▸ WORK INSTRUCTIONS
Nothing but the text of the records belongs in your answer: repeat all of it exactly and leave out the images.

═══

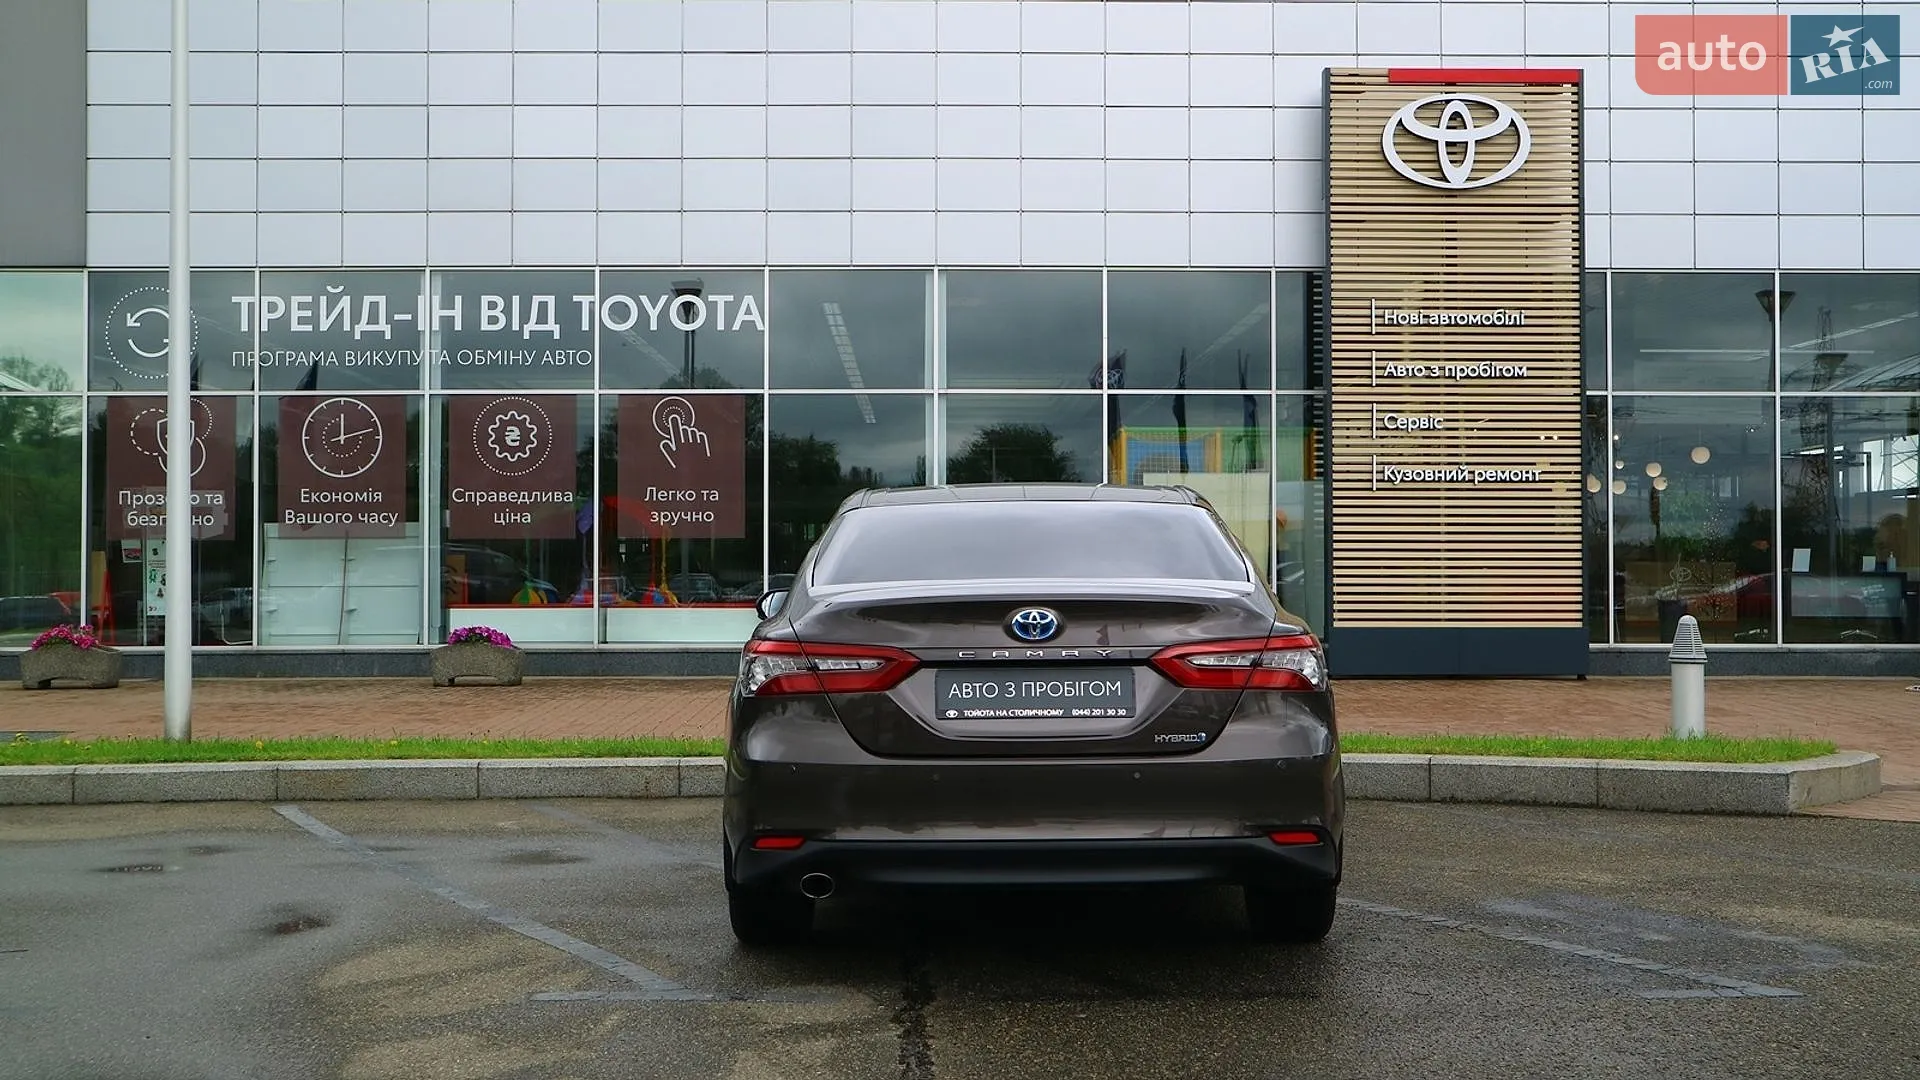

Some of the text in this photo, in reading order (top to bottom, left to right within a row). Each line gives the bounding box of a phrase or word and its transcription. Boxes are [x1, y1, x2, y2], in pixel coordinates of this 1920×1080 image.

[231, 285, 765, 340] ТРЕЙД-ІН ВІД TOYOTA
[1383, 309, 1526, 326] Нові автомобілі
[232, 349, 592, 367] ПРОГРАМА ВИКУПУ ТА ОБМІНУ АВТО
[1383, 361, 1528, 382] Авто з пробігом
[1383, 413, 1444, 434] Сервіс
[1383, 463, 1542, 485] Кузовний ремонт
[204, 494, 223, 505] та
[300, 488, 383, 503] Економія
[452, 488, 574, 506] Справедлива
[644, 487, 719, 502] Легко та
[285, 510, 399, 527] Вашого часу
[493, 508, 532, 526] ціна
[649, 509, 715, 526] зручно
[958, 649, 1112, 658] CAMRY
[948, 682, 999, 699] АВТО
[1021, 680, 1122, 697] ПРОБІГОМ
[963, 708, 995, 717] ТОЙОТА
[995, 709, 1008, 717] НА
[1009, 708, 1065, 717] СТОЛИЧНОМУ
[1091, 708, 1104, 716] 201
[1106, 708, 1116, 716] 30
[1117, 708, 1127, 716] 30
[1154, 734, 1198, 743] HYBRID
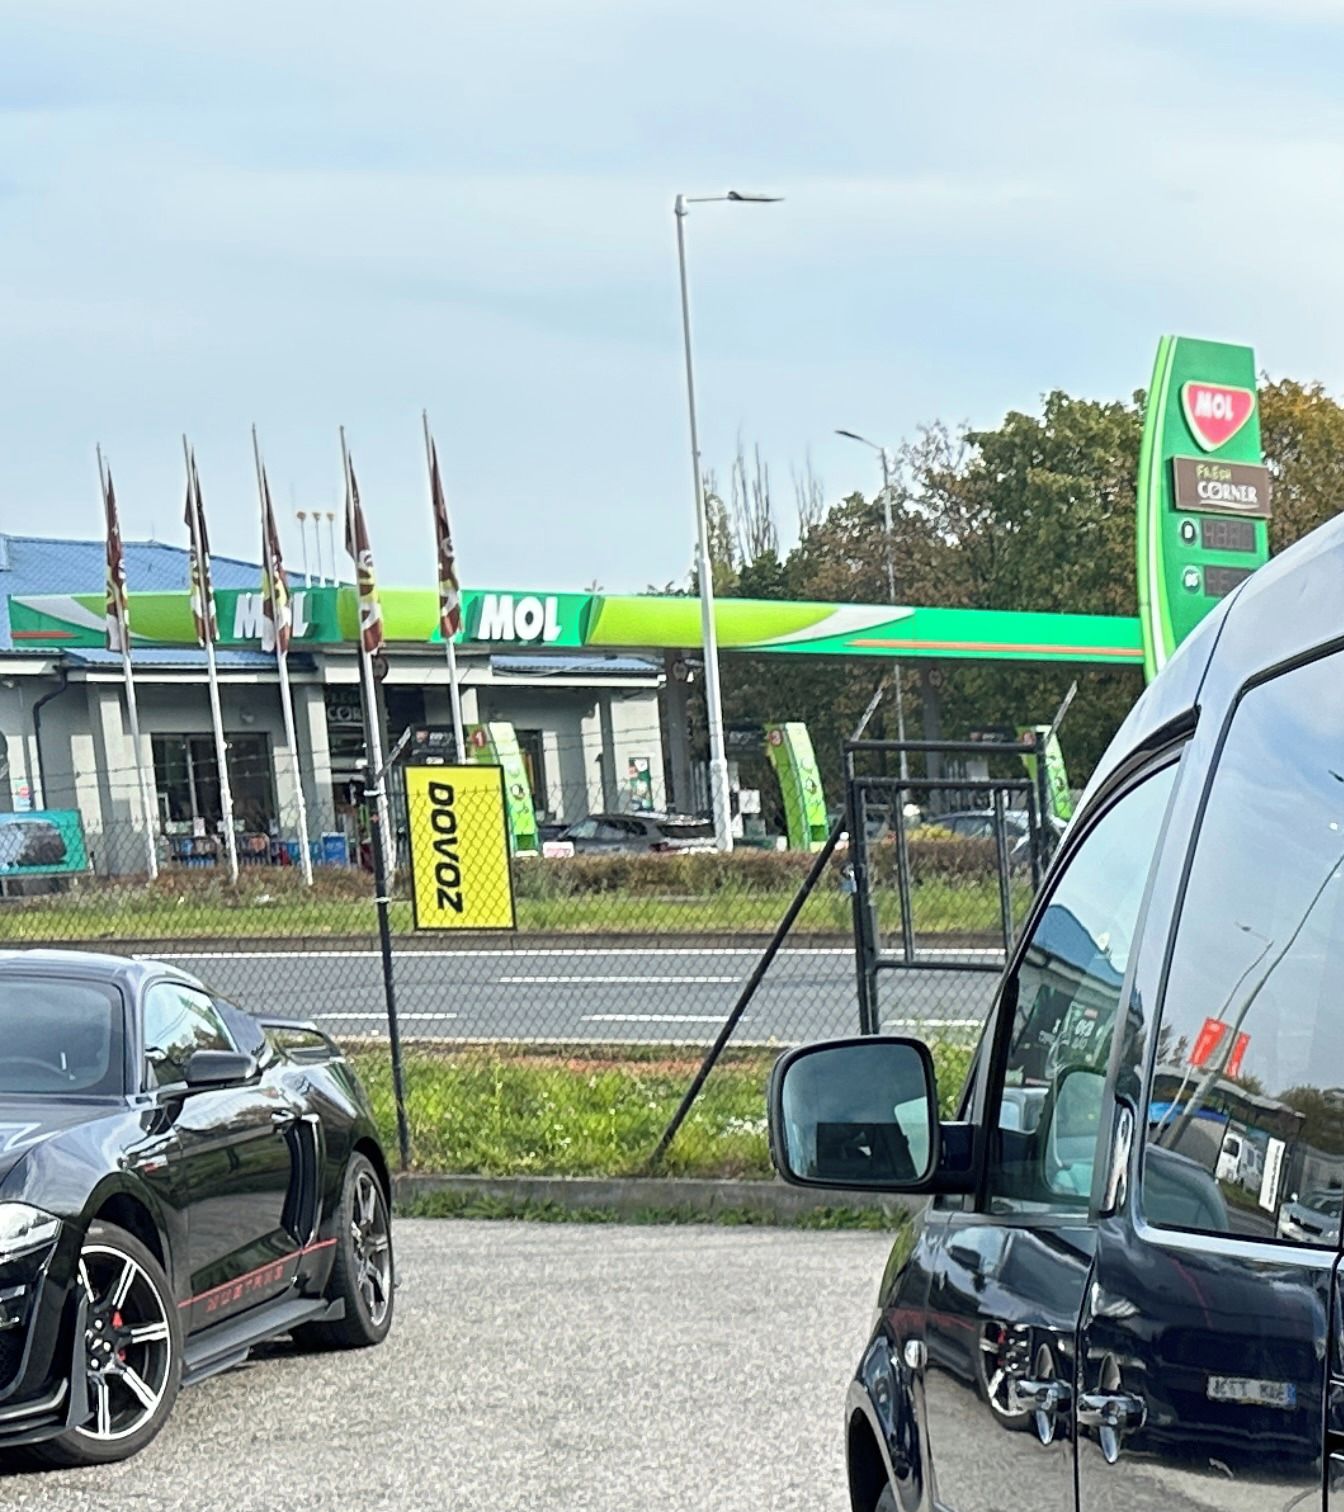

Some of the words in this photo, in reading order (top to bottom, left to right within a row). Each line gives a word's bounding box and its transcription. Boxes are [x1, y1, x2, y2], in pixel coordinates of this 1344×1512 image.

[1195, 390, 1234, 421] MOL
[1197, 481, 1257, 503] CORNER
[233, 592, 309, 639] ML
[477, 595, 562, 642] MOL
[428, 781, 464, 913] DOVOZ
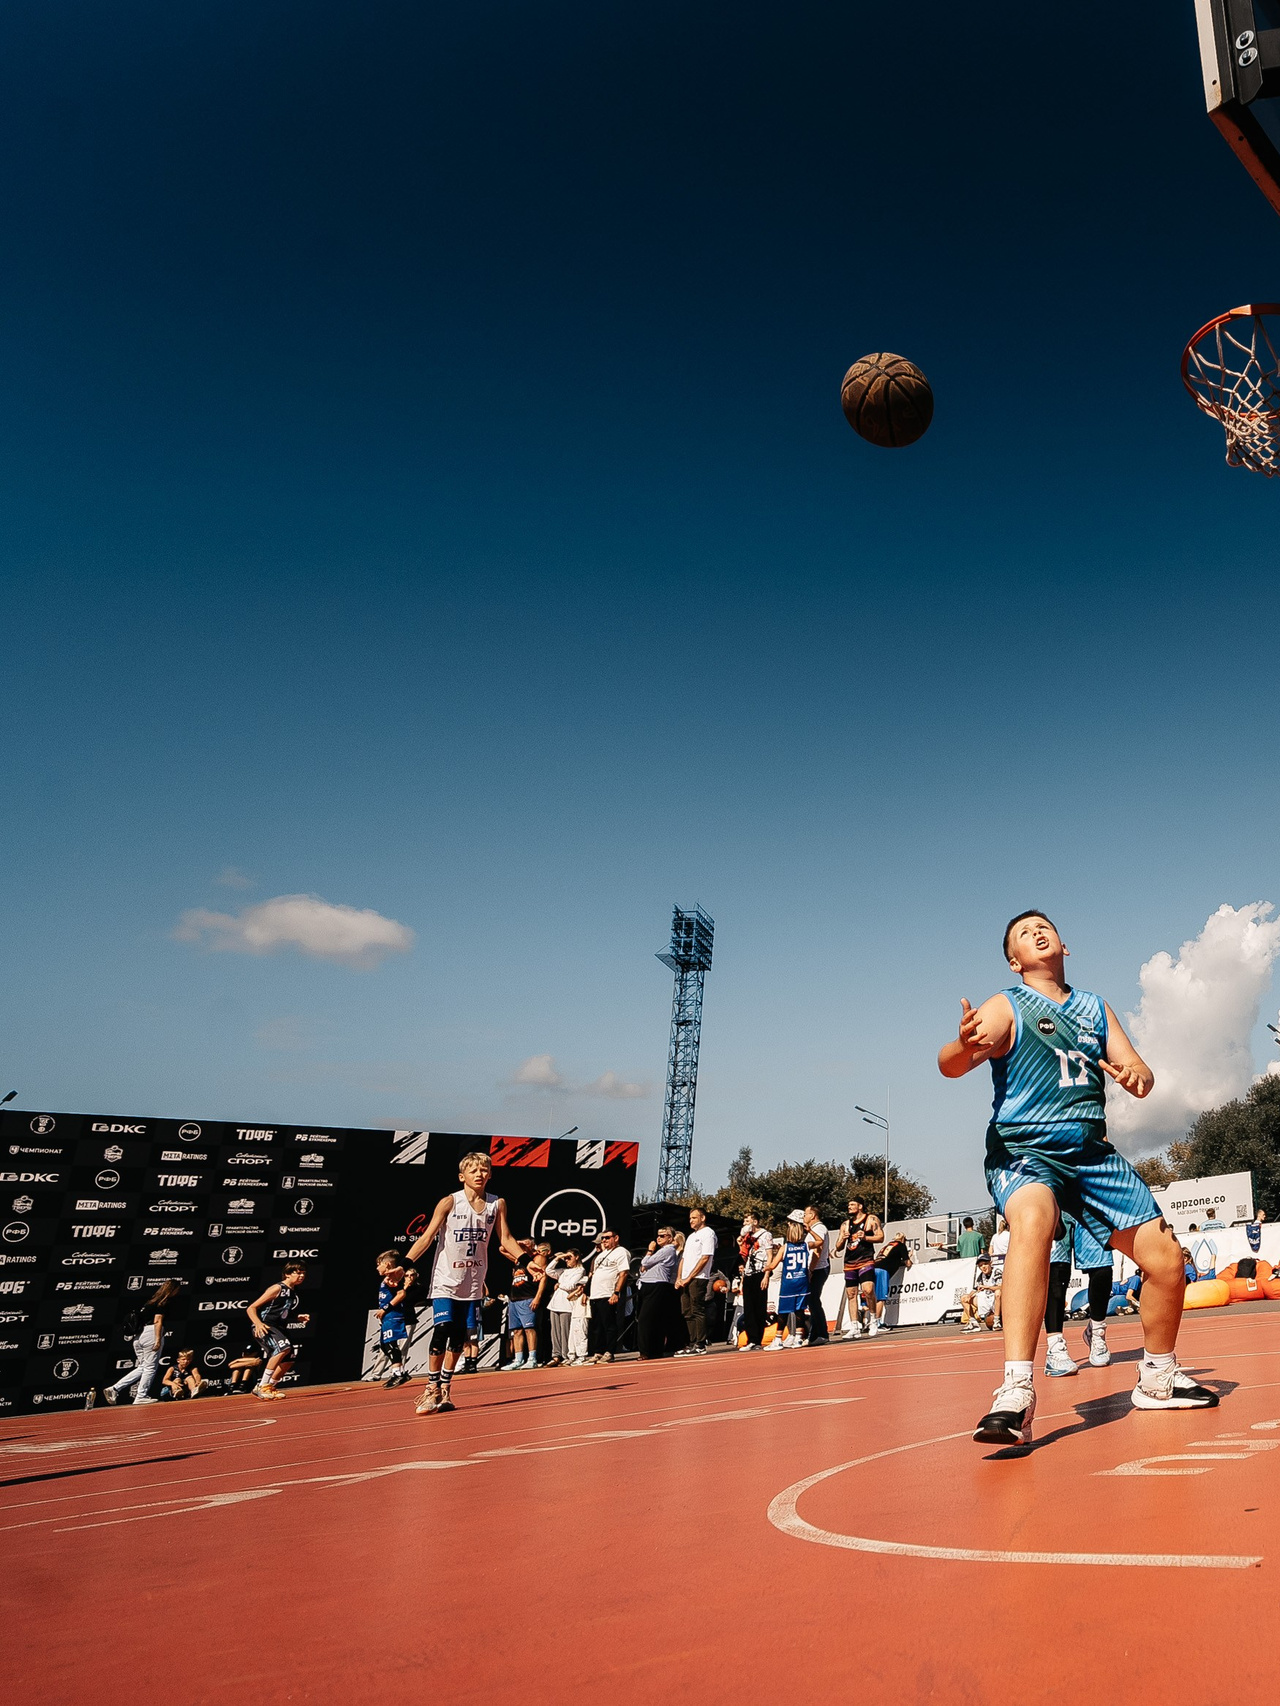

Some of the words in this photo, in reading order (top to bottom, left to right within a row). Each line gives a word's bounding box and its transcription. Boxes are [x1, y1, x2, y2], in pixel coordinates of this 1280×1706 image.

═══

▸ ANSWER SPACE
Some of the text in this photo, in reading order (top to bottom, left to right within a row). Each line gives the bounding box of a phrase or word and its transcription. Boxes are [x1, y1, x2, y2], in pixel coordinates of this 1920×1080 image.

[231, 285, 765, 340] ТРЕЙД-ІН ВІД TOYOTA
[1383, 309, 1526, 326] Нові автомобілі
[232, 349, 592, 367] ПРОГРАМА ВИКУПУ ТА ОБМІНУ АВТО
[1383, 361, 1528, 382] Авто з пробігом
[1383, 413, 1444, 434] Сервіс
[1383, 463, 1542, 485] Кузовний ремонт
[204, 494, 223, 505] та
[300, 488, 383, 503] Економія
[452, 488, 574, 506] Справедлива
[644, 487, 719, 502] Легко та
[285, 510, 399, 527] Вашого часу
[493, 508, 532, 526] ціна
[649, 509, 715, 526] зручно
[958, 649, 1112, 658] CAMRY
[948, 682, 999, 699] АВТО
[1021, 680, 1122, 697] ПРОБІГОМ
[963, 708, 995, 717] ТОЙОТА
[995, 709, 1008, 717] НА
[1009, 708, 1065, 717] СТОЛИЧНОМУ
[1091, 708, 1104, 716] 201
[1106, 708, 1116, 716] 30
[1117, 708, 1127, 716] 30
[1154, 734, 1198, 743] HYBRID

Some of the words in this photo, in reading order (top to bottom, left to right within a row). Each line gives a word's bounding box and its transcription. Boxes are [x1, y1, x2, y2], in pixel coordinates of this 1344×1512 image.

[1195, 390, 1234, 421] MOL
[1197, 481, 1257, 503] CORNER
[233, 592, 309, 639] ML
[477, 595, 562, 642] MOL
[428, 781, 464, 913] DOVOZ

Some of the words in this photo, in reading order (top to bottom, left to right within a row). Each line gives a word's bounding box and its transcription. Boxes are [x1, y1, x2, y2], in pixel coordinates of this 1280×1706 image.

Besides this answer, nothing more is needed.